Soñar el Apocalipsis

por Violetta Estefanía

 

Antes de partir hacia el coloquio trabajé con dos textos que trataban sobre el fin de los tiempos. Por un lado, uno de mis trabajos finales se orientaba en torno al deseo humano de ver el fin, de que este “terminarse de todas las cosas” lo bordeara en su totalidad y que él mismo rodeara esa figura fulgurante del último destello: última explosión atómica o golpe de asteroide. Pensaba en Apofis: la promesa dormida del planetoide que en dos vueltas podría acabar con toda la vida en el planeta. Pensaba también en la senectud del sol. Pero soñar estas catástrofes es soñar también con el fin de la vida que hemos escrito a lo largo del siglo XX: es humano soñar el Apocalipsis, porque ver su apogeo es la realización última que tenemos como individuos: “no existe nada después de mí”, “conmigo se va el mundo”.
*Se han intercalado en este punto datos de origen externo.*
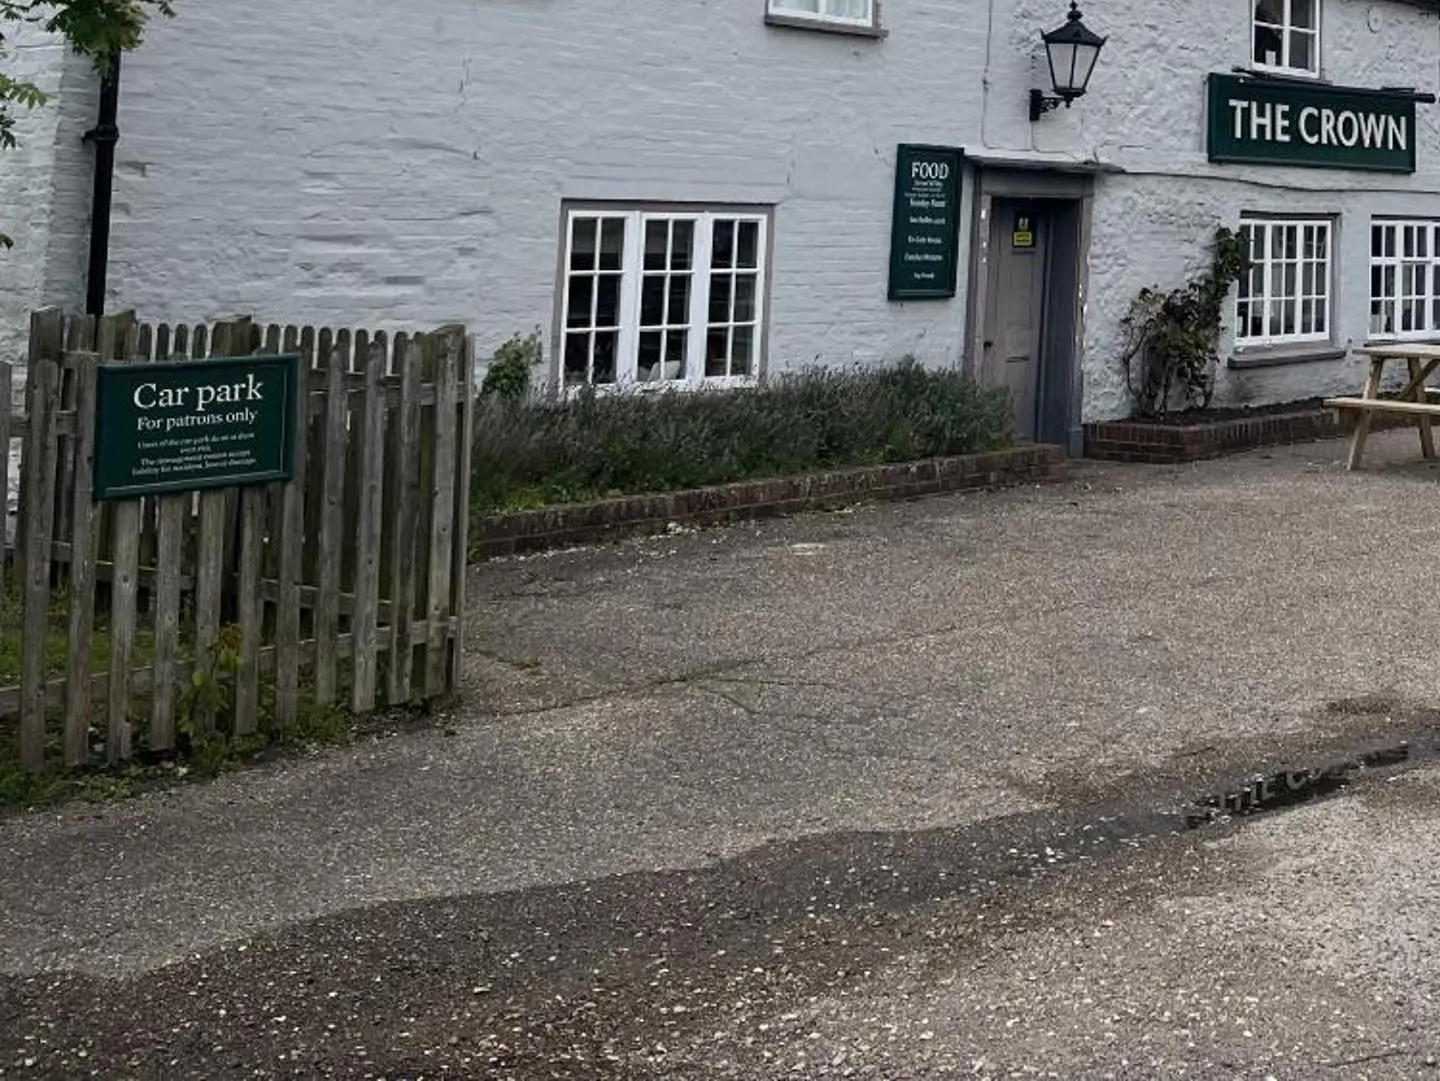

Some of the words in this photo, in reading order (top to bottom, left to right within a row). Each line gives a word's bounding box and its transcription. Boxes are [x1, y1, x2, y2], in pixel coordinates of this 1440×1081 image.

[1228, 99, 1291, 142] THE
[1299, 107, 1407, 150] CROWN
[911, 162, 950, 180] FOOD
[133, 382, 190, 410] Car
[195, 373, 264, 412] park
[137, 416, 164, 431] For
[165, 412, 224, 431] patrons
[225, 407, 258, 425] only
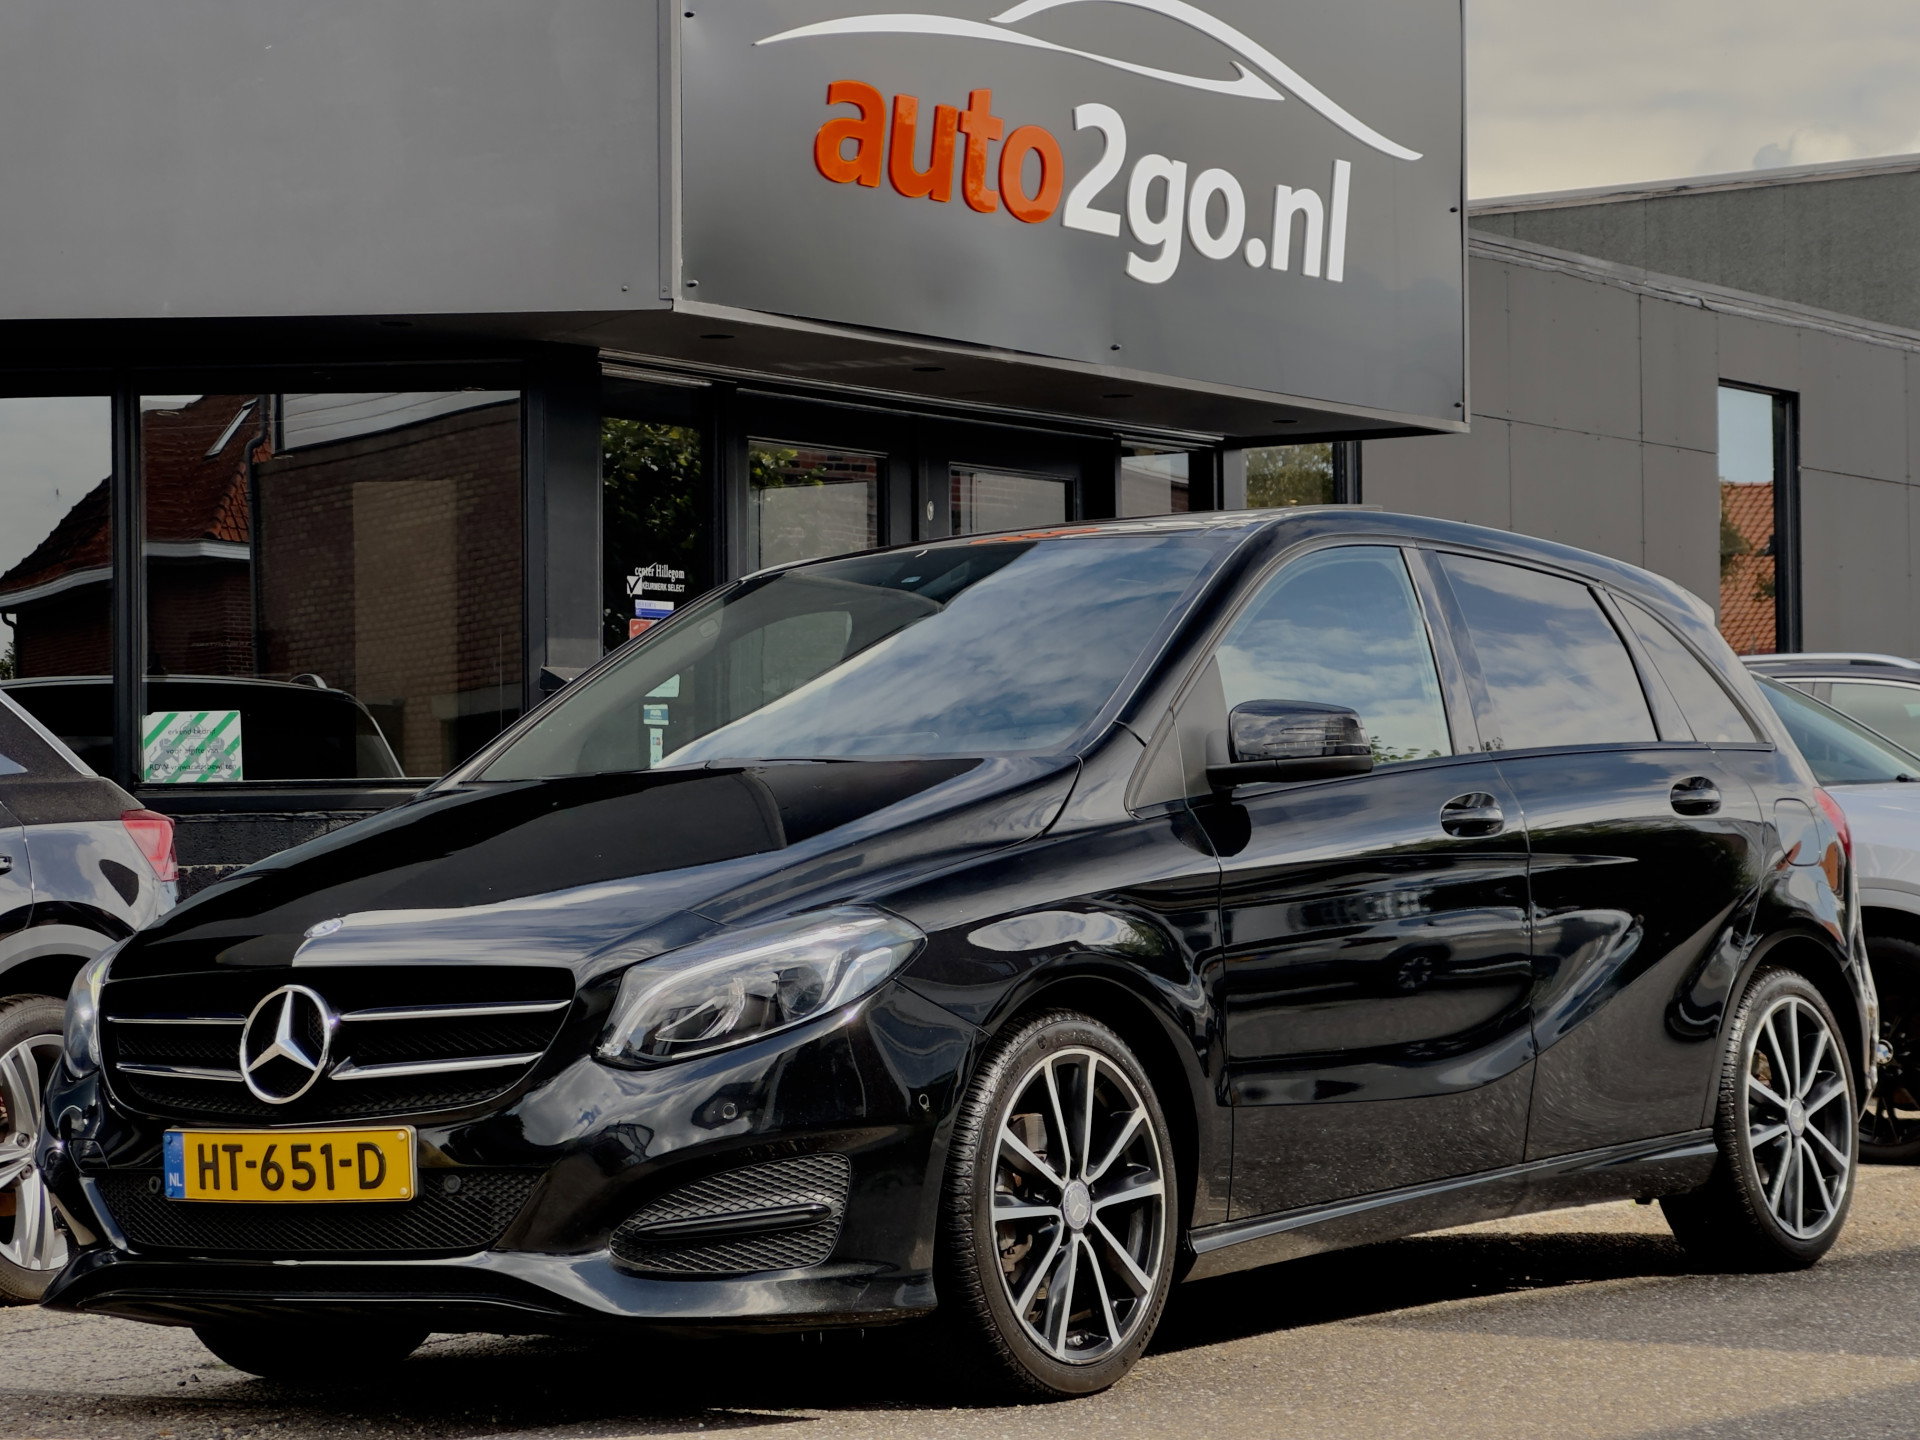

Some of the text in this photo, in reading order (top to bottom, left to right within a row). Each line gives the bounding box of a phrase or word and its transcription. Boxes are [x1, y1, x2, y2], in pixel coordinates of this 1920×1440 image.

[814, 79, 1351, 284] auto2go.nl
[655, 564, 685, 582] Hillegom
[667, 583, 685, 592] SELECT
[169, 1142, 387, 1191] NL HT-651-D
Antes de entrar en el coloquio quise tocar el suelo de Tlatelolco, lugar soñado también y repasado en obras literarias y periodísticas, en filmes y testimonios recogidos desde que supe de la tragedia, cuando tenía unos 16 años. No lo supe antes, hay un silencio en esa feliz ignorancia en la que nos gusta sumirnos como sociedad. Pienso en las palabras de Borges tomadas por Guillermo Preciado: “La ciudad está en mí como un poema”. La escritura de Tlatelolco enmarca una alegoría fatal, sangre sobre sangre sobre sangre. Pisar la explanada es casi oír los gritos, repasar una a una las historias, inventarse otras. La explanada es una lápida en la que no caben los nombres y da miedo pisar, es la reiteración de que la atrocidad de la destrucción humana no respeta edades, de que la violencia se reintegra hacia todos los discursos y se refugia incluso en los que parecen más sensatos al momento. Tal es la dulzura de la ignorancia, como la que durante décadas hizo oídos sordos del problema ambiental y que sigue sin entender que este país no ha dejado de estar en guerra, por más calma que se dibuje en las ciudades, y que hemos permitido al genocidio como el sino con que nos trazan los dioses mexicanos.
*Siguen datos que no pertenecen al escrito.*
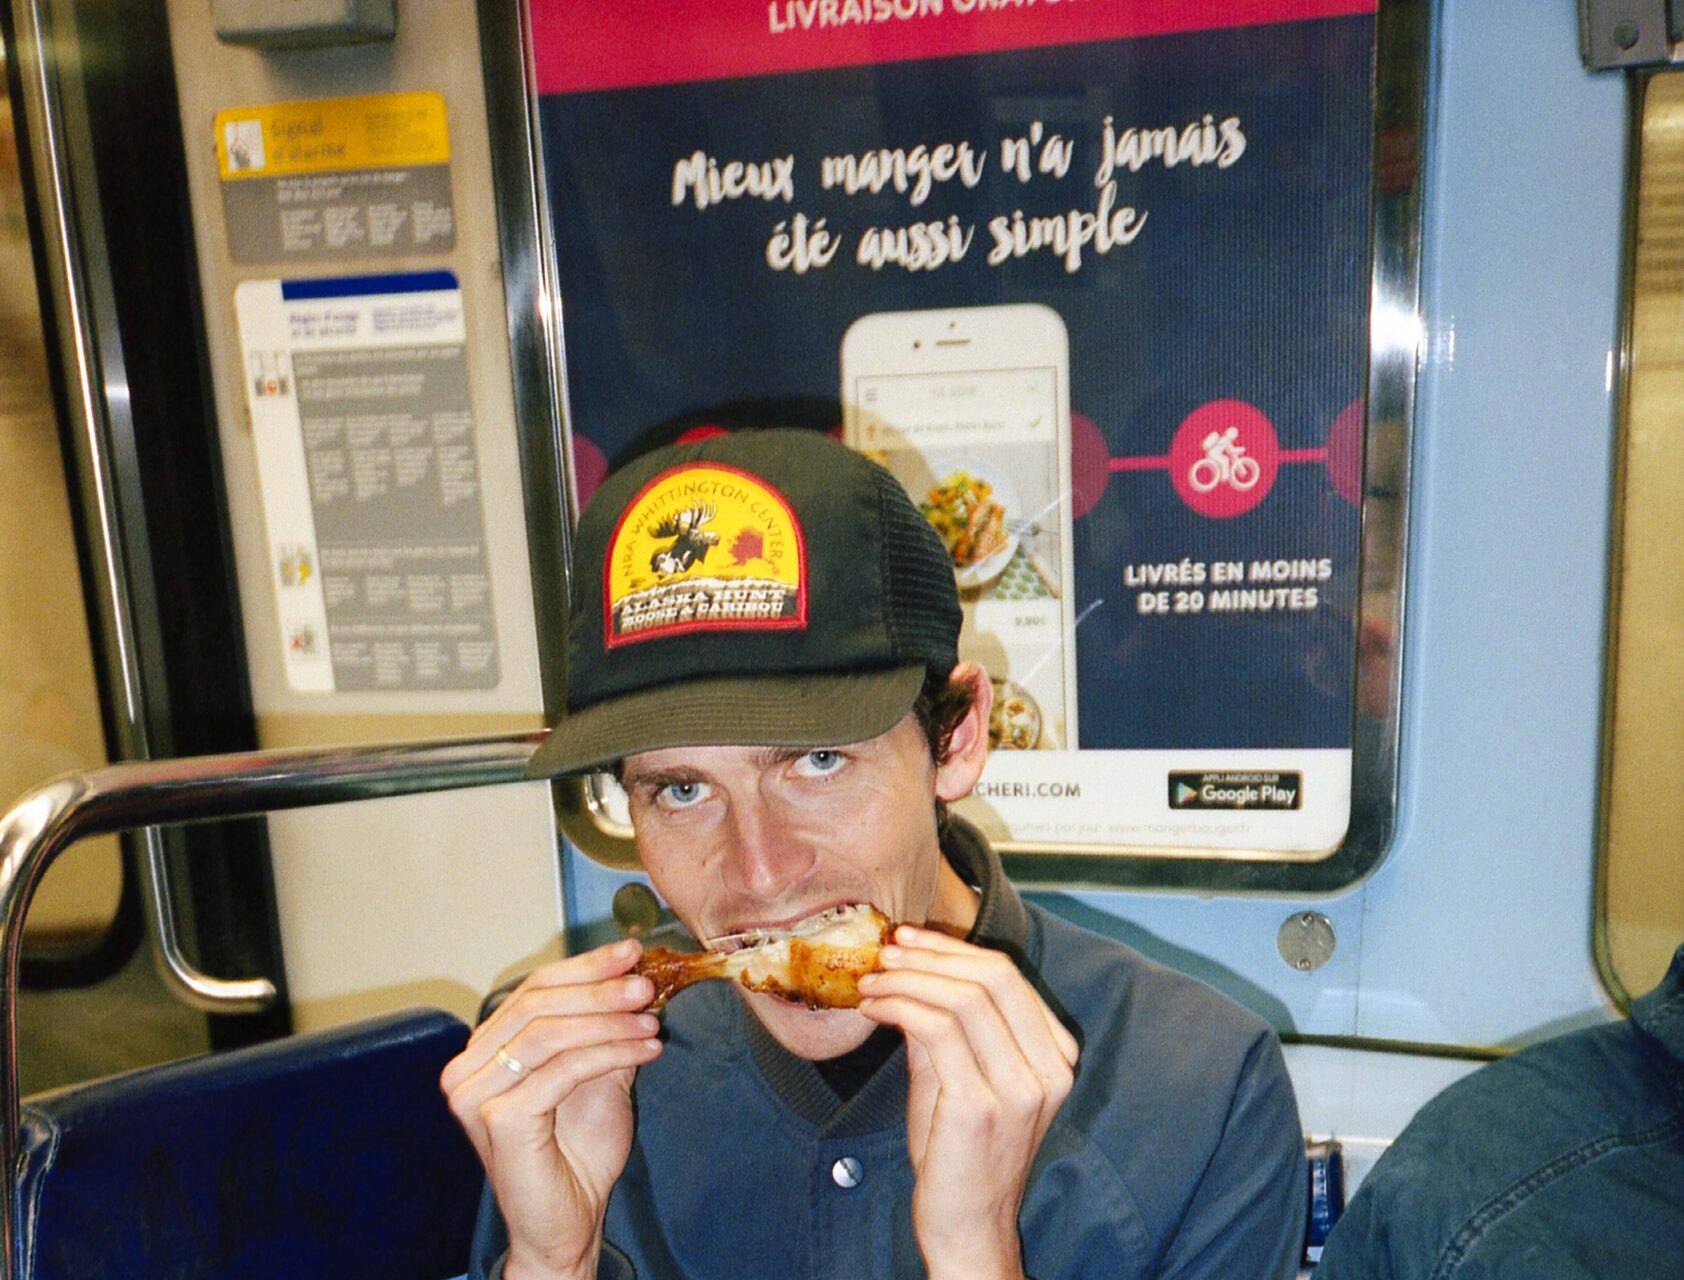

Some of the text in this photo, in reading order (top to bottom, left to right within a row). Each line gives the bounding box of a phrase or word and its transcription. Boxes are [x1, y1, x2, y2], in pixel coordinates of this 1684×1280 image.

[671, 113, 1247, 210] Mieux manger n'a jamais
[765, 179, 1149, 274] été aussi simple
[633, 480, 749, 535] WHITTINGTON
[750, 502, 784, 559] CENTER
[1125, 557, 1333, 586] LIVRÉS EN MOINS
[622, 589, 786, 616] ALASKA HUNT
[622, 607, 678, 627] MOOSE
[697, 602, 784, 615] CARIBOU
[1138, 587, 1319, 614] DE 20 MINUTES
[971, 782, 1081, 798] CHERI.COM
[1202, 784, 1297, 807] Google Play
¿Cómo el hombre puede no ser esclavo de su deseo? La pregunta resonó en distintos tiempos del coloquio, como en el silencio tras la cuestión ¿Sabe usted a dónde va su basura? El basurero de Milpillas es el resultado de esa omisión, de la falta de empatía y responsabilidad en la vida moderna. Actuamos en el flujo de los acontecimientos con soberbia, con distancia. Pienso en Susan Sontag relatando que, frente a la violencia o la atrocidad, la gente describe que las imágenes y eventos parecen “una película”. Como si el problema de estas comunidades y el problema ambiental en general fueran aceptados dentro del marco de la ficción de la distancia. Son sólo sus protagonistas quienes experimentan más allá de la realidad virtual las heridas en carne propia, así como Graciela Torres se enfrenta a la enfermedad de la comunidad El Salto y las ficciones distantes del gobierno. Así como la resistencia de Silverio Sánchez suena desde la lejanía como una épica. Es hasta que el cruce de la realidad cobra la factura, así como la muerte de la activista Meztli Sarabia pesó en todos los que estuvimos en el foro. Pensé una y otra vez en la ponencia de Luis Gatica: “que las muertes de nuestros compañeros pesen tanto como el fin del mundo”, que nuestro compromiso pese tanto como nuestro deseo por la extinción.

Antes de volver a mi ciudad guardé la impronta del compromiso que intelectuales y artistas, según ya lo había anunciado Lyotard, guardan frente a las luchas sociales. Está por un lado el peligro que Sergio Villalobos enunció respecto al “turbio mundo universitario de las luchas poscoloniales”. Pensaba que la consigna debería afectarnos de manera más personal, pensaba en la posibilidad que refugia la producción artística: el cineasta como narrador y distribuidor tiene la consigna de extender la extinción lo más que pueda, lo más que toque. Finalmente, como mencionaba Joanna Zylinska, quizá hay que preguntarse: “si no podemos mirar al Sol, ¿cómo podemos ver la puesta de sol?”, respecto a la pieza de Penélope Umbrico, quien dio forma a tal proyecto con la serie fotográfica Suns from sunsets from Flickr, paradoja que privilegia a la vista por el registro fotográfico de lo que los ojos no pueden ver. Quizá esa sea la consigna, que todo aquello que negamos y tapamos por el deslumbramiento de su magnitud, todas estas problemáticas ambientales y sociales, puedan empezar a dialogarse y diseminarse por otras vías, como la escritura y el arte.